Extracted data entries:
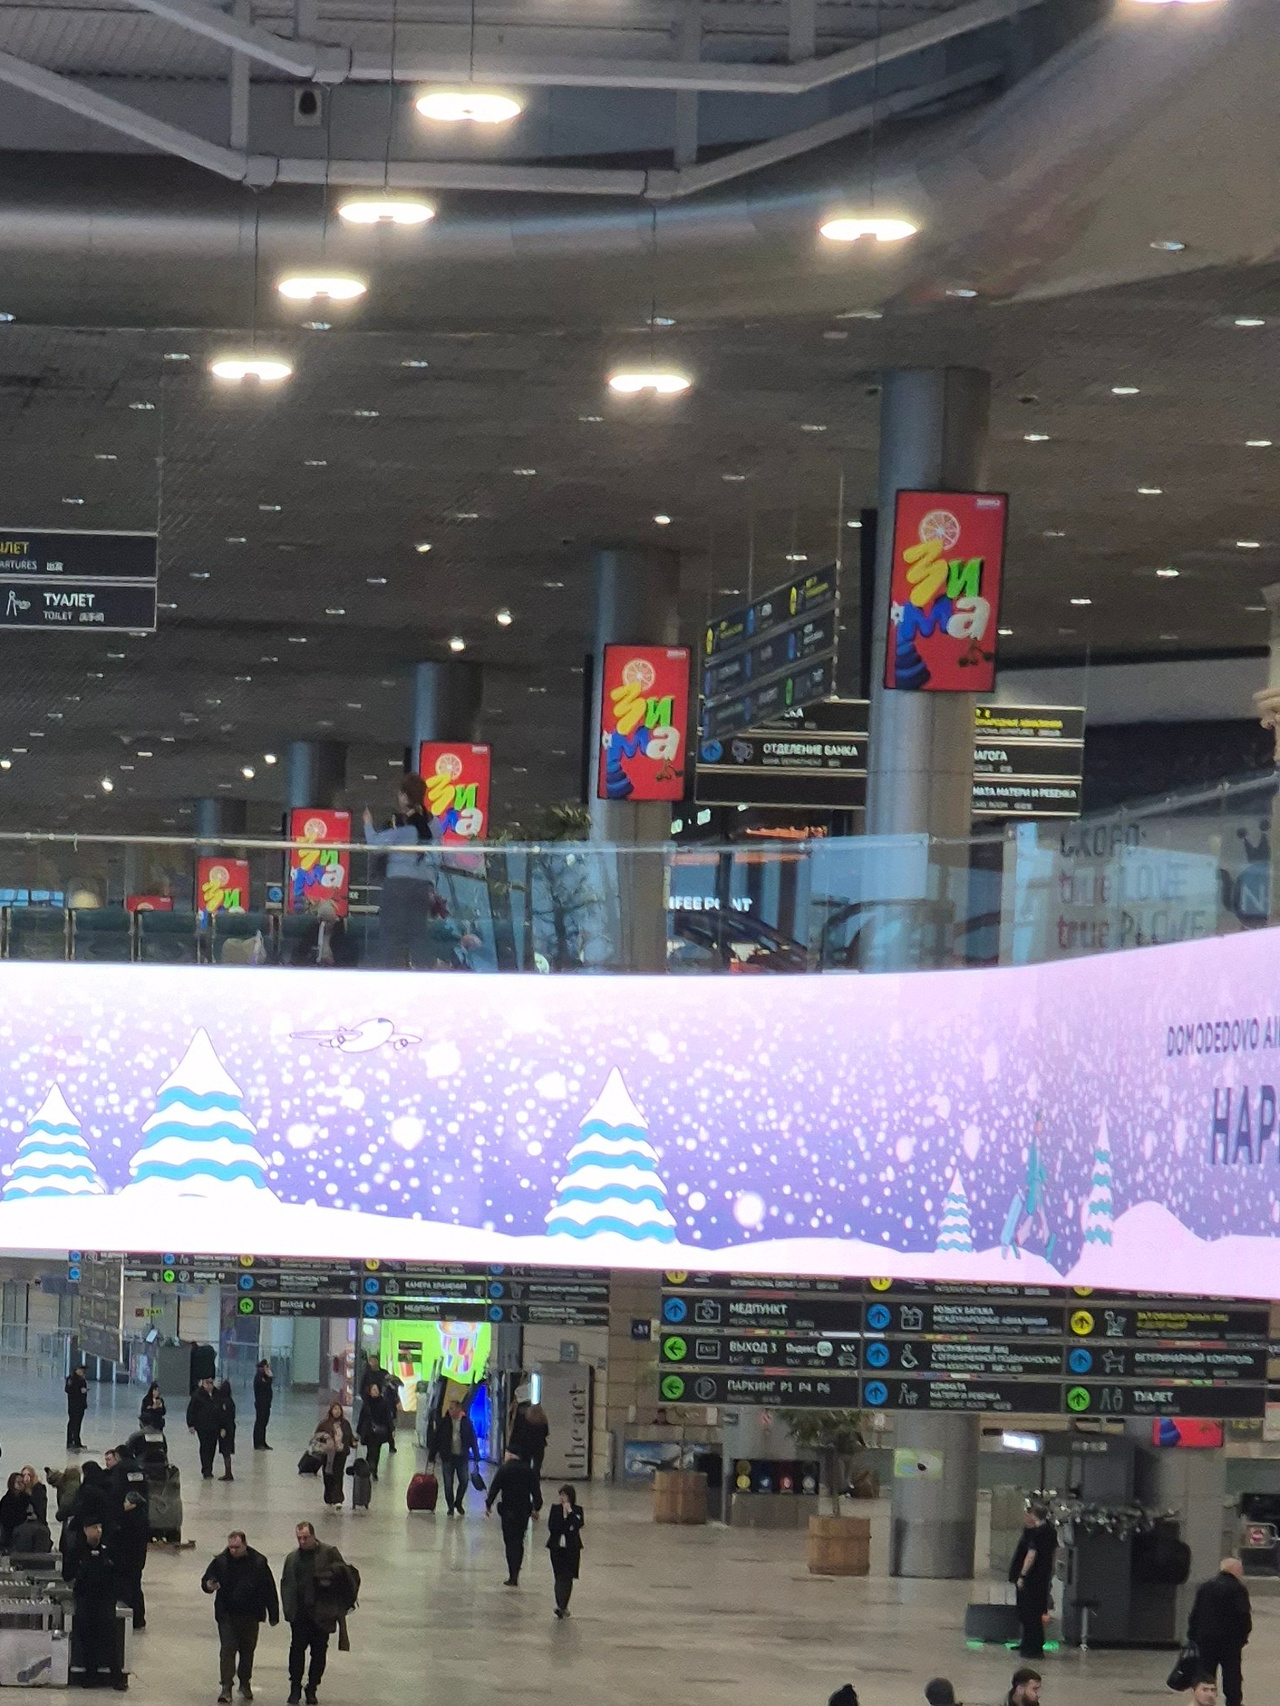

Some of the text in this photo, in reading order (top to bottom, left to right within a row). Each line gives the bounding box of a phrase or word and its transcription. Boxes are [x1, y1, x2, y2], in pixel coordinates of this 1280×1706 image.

[43, 592, 95, 608] ТУАЛЕТ
[43, 610, 73, 622] TOILET
[1167, 1014, 1280, 1057] DOMODEDOVO AI
[1211, 1084, 1280, 1166] HAP
[729, 1302, 788, 1316] МЕДПУНКТ
[730, 1341, 769, 1354] ВЫХОД
[727, 1379, 775, 1392] ПАРКИНГ
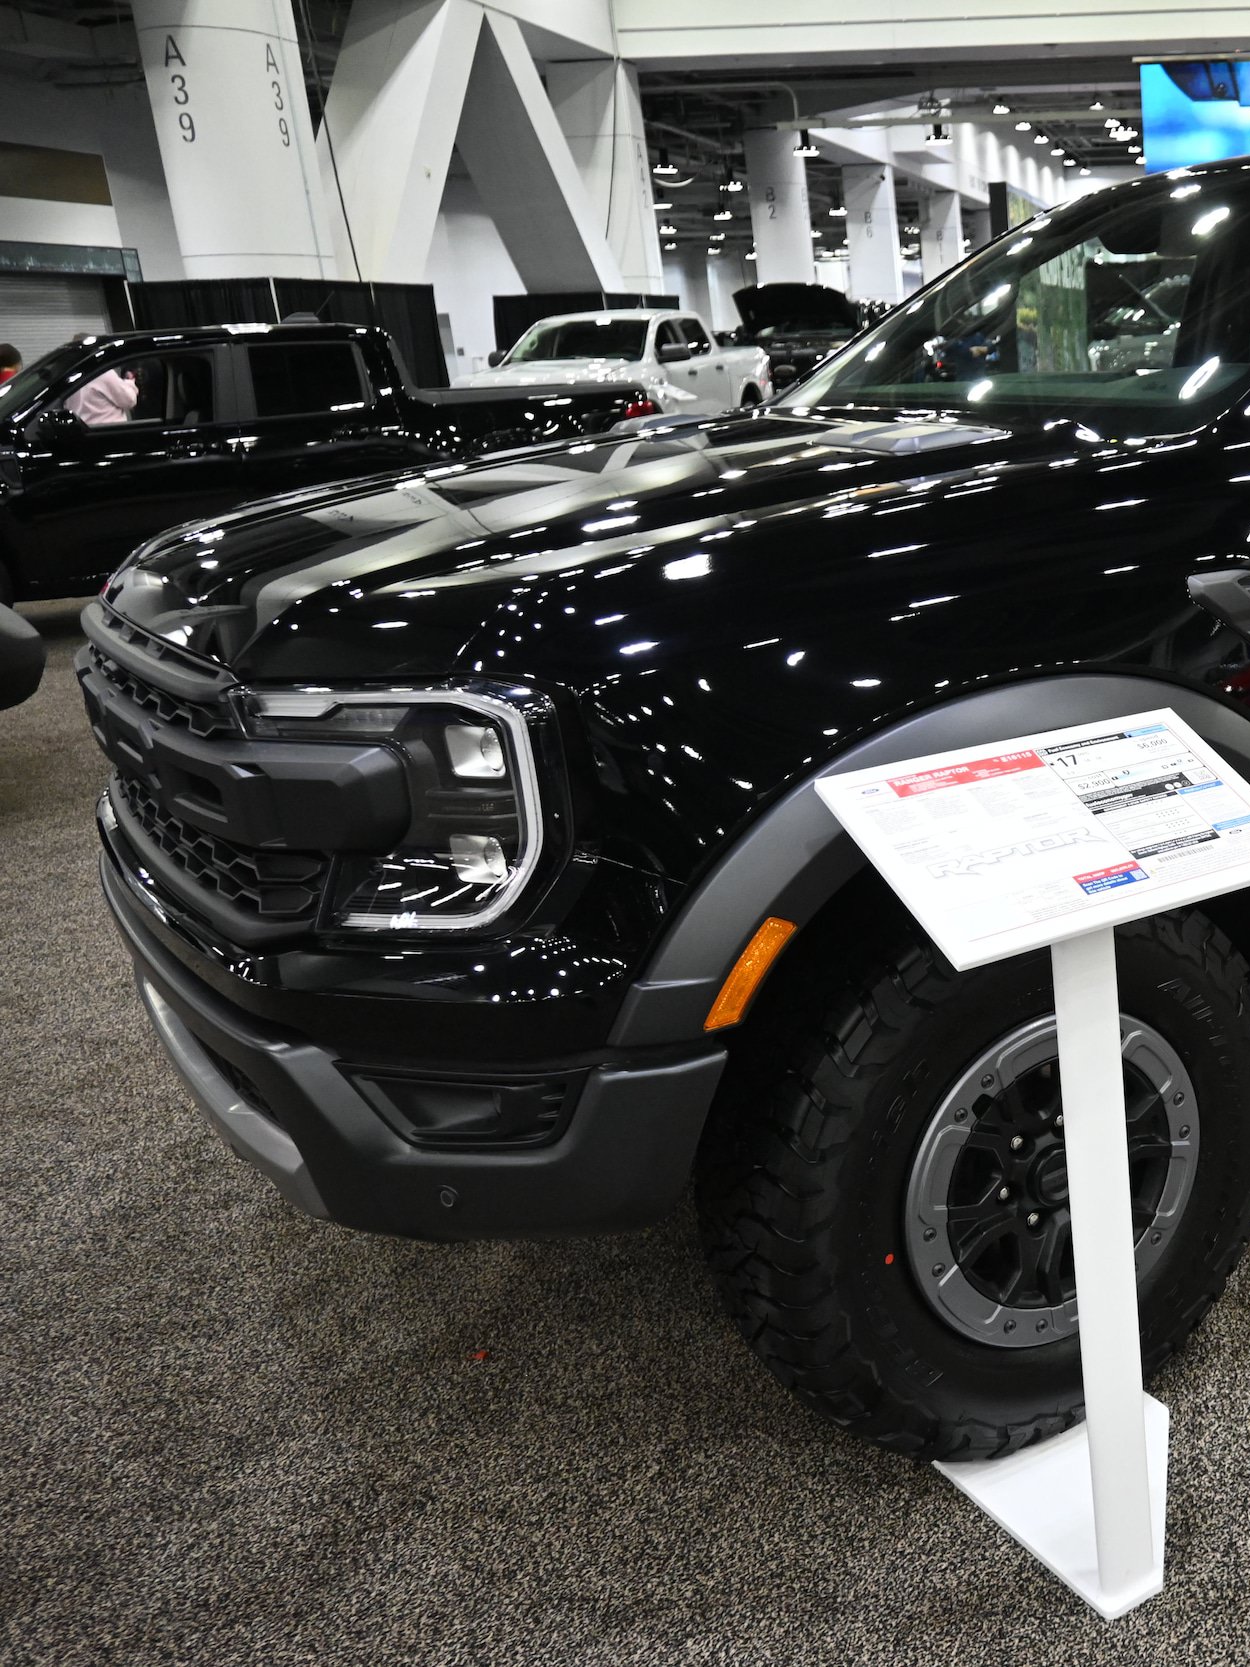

— TASK OBJECTIVE —
Word-for-word output of every record is needed, with images omitted.

— ANSWER FOR THIS EXERCISE —
Some of the text in this photo, in reading order (top to bottom, left to right within a row). Each line gives the bounding box of a phrase or word and its transcription. Boxes are [x1, y1, x2, y2], in pixel coordinates of this 1280×1706 image.

[43, 592, 95, 608] ТУАЛЕТ
[43, 610, 73, 622] TOILET
[1167, 1014, 1280, 1057] DOMODEDOVO AI
[1211, 1084, 1280, 1166] HAP
[729, 1302, 788, 1316] МЕДПУНКТ
[730, 1341, 769, 1354] ВЫХОД
[727, 1379, 775, 1392] ПАРКИНГ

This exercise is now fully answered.